A km. 13,300 a nord-est di Monte S. Angelo e alla distanza di km. 10,400 a nord di Mattinata, si eleva, nell’agro di quest’ultimo Comune garganico, solitario, maestoso e superbo, a m. 874 s.l.m., Monte Sacro, , la più alta vetta di tutto il Gargano orientale.
La roccia del monte è calcarea, risalente al cretaceo e all’eocene, con tracce tufacee del miocene e del pliocene; il terreno è ricco di idrati ferrosi, di allumina, di silice e anche di calcare, ma povero di argilla, ed è di colore variabile dal rosso grigiastro a quello oscuro.
Numerosi elci e querce, risparmiati dal vandalico disboscamento dell’ultimo quarantennio del sec. XIX, rendono testimonianza dei folti querceti e dei fitti boschi garganici cantati dal venosino Quinto Orazio Fiacco: Carm. II, ix, 6-8 :-… aut Aquilonibus querceta Gargani laborant et foliis viduantur ormo … ; Epistol. 114,202:- Garganum mugire putes nemud…
E’ tradizione antichissima che il detto monte, fin quasi alla fine del sec. V d.C.. fosse chiamato Monte Dodoneo a causa d’un famoso antichissimo tempio colà eretto in onore di Zeus Dodoneo.

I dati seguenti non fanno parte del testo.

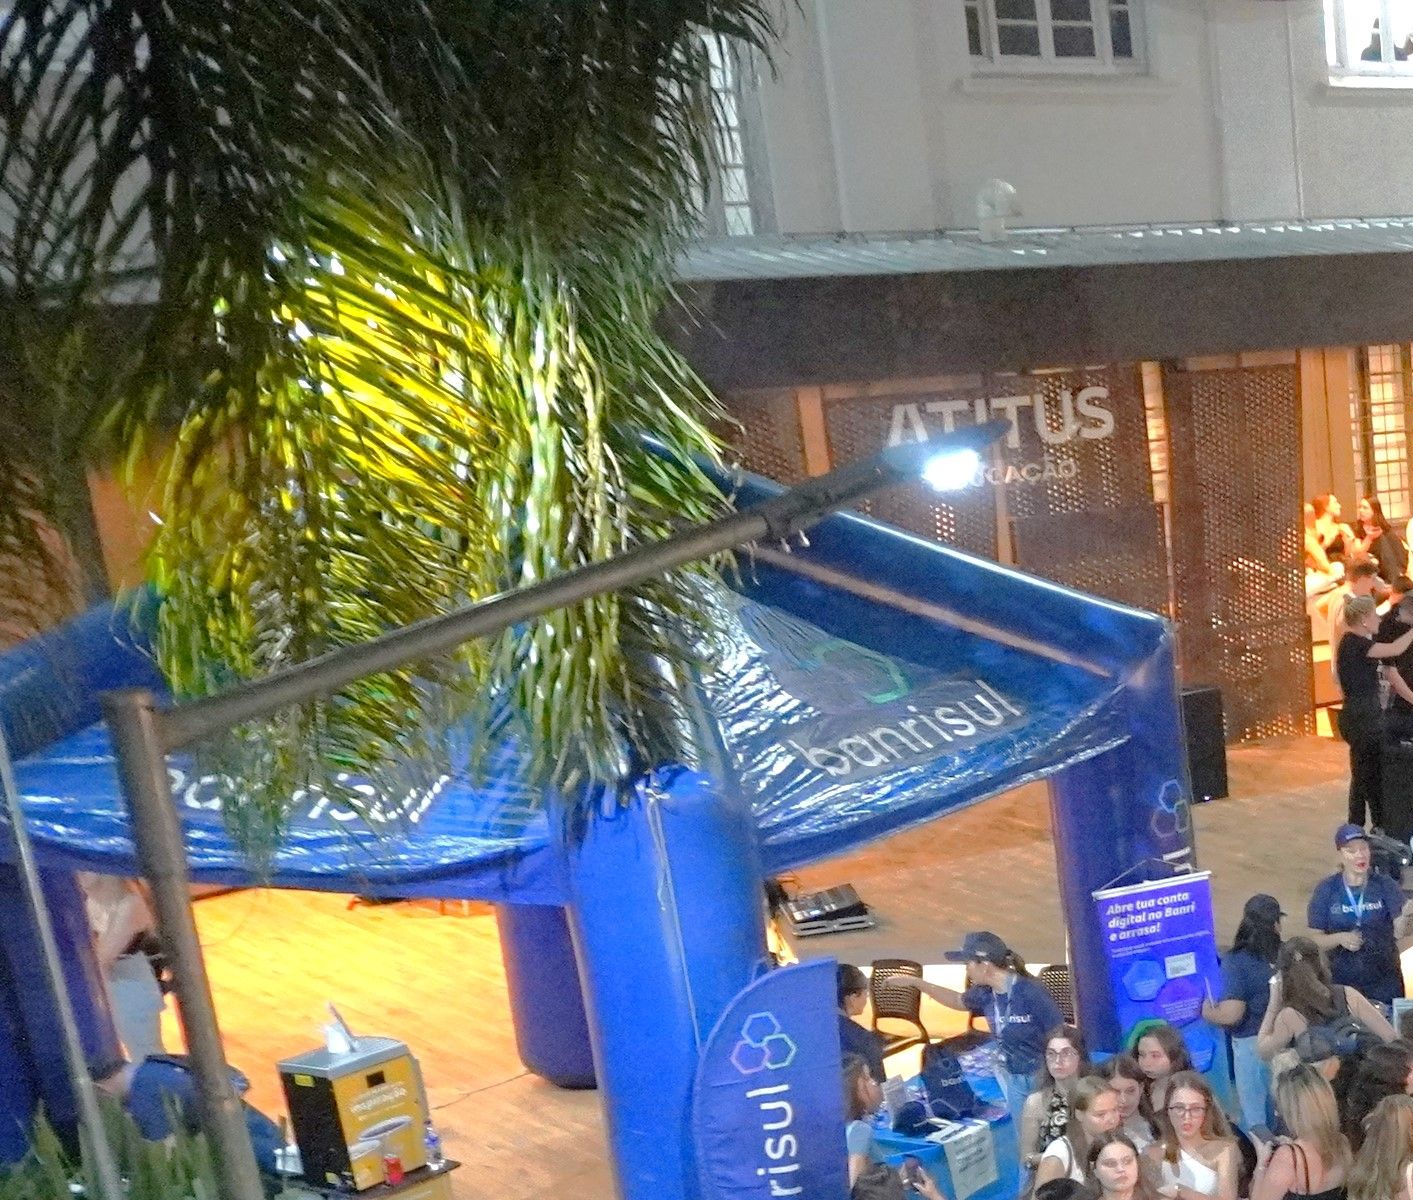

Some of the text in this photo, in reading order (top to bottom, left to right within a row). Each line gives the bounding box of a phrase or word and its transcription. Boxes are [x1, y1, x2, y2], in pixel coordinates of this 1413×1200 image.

E’ noto che in Grecia, a km. 20 a sud-ovest di Giànnina (Ioànnina), c’è Dodona (Dodòni)), sede di un antico oracolo che risale al secondo millennio a.C. Omero ne fa menzione nel decimo libro dell’Iliade, laddove narra di Achille che prega il dio di Dodona. L’oracolo era sito in un boschetto di querce e i sacerdoti traevano ispirazione per i loro responsi dallo stormire delle foglie e anche dal suono prodotto da uno scudiscio metallico che il vento faceva sbattere contro una bacinella di ottone.
Nel sec, XIII a.C. vi venne introdotto il culto di Zeus ed esso da quel primo santuario epirota si diffuse in tutte le terre soggette all’influenza culturale ellenica. Nel sec. VI d.C. il goto Alarico distrusse quel che era rimasto di quel tempio, già eclissato da Delfi nel periodo classico.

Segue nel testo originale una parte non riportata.